Le CIUSSS de la Mauricie-et-du-Centre-du-Québec fait volte-face et retire son questionnaire portant sur la sexualité des couples qui désirent adopter un enfant dans la banque mixte de la Direction de la protection de la jeunesse de la région. 

Le Nouvelliste révélait hier que les personnes qui voulaient accueillir un enfant devaient répondre à 26 questions allant de la longueur de leurs rapports sexuels jusqu’à leurs habitudes de masturbation et leur capacité à avoir un orgasme. Le ministre délégué à la Santé et aux Services sociaux, Lionel Carmant, a annoncé hier que le questionnaire ne serait plus utilisé.

Marie-Claude* et son conjoint ont entamé le processus pour adopter un enfant il y a deux ans. Ils ont répondu à des centaines de questions pour évaluer leurs traits de personnalité et dresser leur profil psychologique. Lors de la dernière étape du long processus, les deux amoureux ont dû répondre séparément et à l’oral à 26 questions sur leurs habitudes sexuelles.

Dans son entretien mené par un homme, Marie-Claude s’est fait demander : « Combien de temps durent vos “jeux préliminaires” avant d’avoir une relation sexuelle ? » « Vous est-il possible d’atteindre l’orgasme par la masturbation ? » ou encore : « Arrive-t-il à votre conjoint d’éjaculer sans avoir une érection complète et dure ? »

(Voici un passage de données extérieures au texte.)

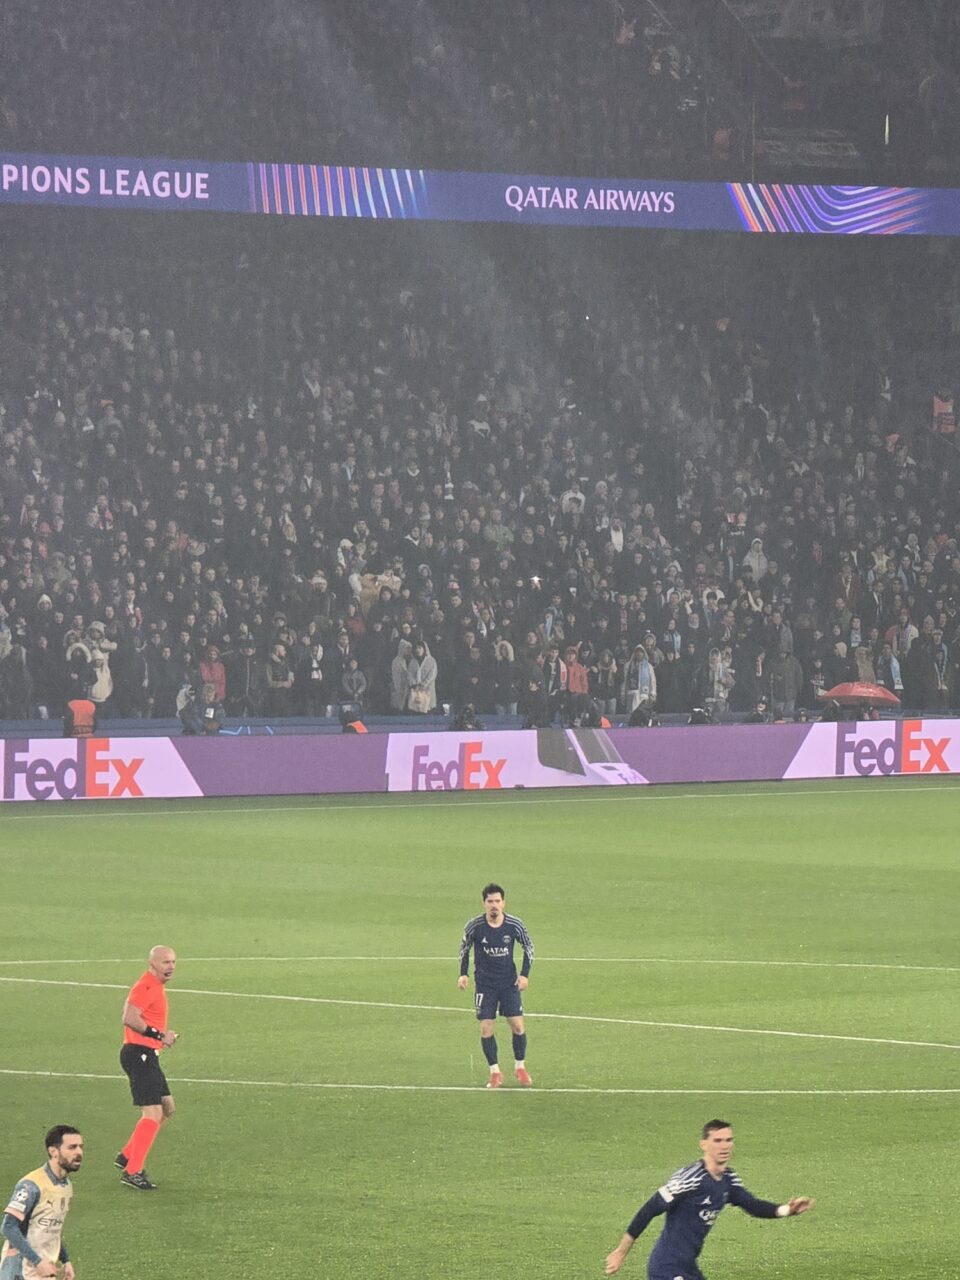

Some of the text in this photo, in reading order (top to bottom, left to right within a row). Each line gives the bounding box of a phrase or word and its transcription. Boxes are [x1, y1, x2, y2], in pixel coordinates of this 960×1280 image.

[2, 164, 210, 199] PIONS LEAGUE
[504, 184, 675, 214] QATAR AIRWAYS
[3, 738, 145, 800] FedEx
[412, 742, 507, 791] FedEx
[835, 720, 951, 776] FedEx

La femme qui souhaite devenir maman s’est sentie troublée de devoir ainsi détailler sa vie sexuelle. « C’est très humiliant ! L’État te force à ouvrir les cuisses et regarde si c’est en bonne santé. Je me suis sentie déshabillée par un homme, en plus. C’était hyper désagréable », raconte celle qui désire garder l’anonymat pour ne pas nuire à ses chances d’accueillir un petit ou une petite chez elle.

Marie-Claude se demande quelle était la bonne réponse à la question : « Combien de fois te masturbes-tu ? » « Une fois par jour ? Par semaine ? Par mois ? »

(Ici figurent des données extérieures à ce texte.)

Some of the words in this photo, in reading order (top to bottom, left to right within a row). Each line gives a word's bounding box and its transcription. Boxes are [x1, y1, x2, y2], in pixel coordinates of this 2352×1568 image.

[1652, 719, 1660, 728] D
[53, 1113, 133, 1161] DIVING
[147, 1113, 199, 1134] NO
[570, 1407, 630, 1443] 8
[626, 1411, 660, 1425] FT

Une fois que le questionnaire a été rempli, raconte Marie-Claude, les deux partenaires ont été réunis et l’évaluateur a exposé leurs réponses.

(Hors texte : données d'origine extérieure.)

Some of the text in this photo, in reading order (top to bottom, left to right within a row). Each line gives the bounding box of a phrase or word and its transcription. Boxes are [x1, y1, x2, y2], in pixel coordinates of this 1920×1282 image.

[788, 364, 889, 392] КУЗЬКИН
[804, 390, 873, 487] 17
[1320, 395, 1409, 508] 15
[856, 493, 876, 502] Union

« C’est hallucinant ! Si tu n’as pas répondu la même chose que ton chum, ils vont jusqu’à créer des problèmes dans des couples qui n’en ont pas. » — Marie-Claude

La sexologue Jocelyne Robert croit qu’un questionnaire sur la sexualité des personnes qui désirent adopter un enfant est nécessaire, mais elle ne cache pas son malaise devant les 26 questions, parfois trop intrusives, utilisées par le CIUSS. Celle qui est aussi autrice se demande si les évaluateurs « noient » les questions les plus importantes parmi d’autres pour cibler de potentiels agresseurs.

« Qu’est-ce que ça a à voir, la fréquence des activités sexuelles du couple ? Tu peux avoir des relations sexuelles une fois par mois et être très équilibré et très en harmonie. Tu peux aussi en avoir trois fois par jour et être équilibré et en harmonie. Il n’y a pas de norme et rien n’est absolu dans ce domaine », dit Mme Robert.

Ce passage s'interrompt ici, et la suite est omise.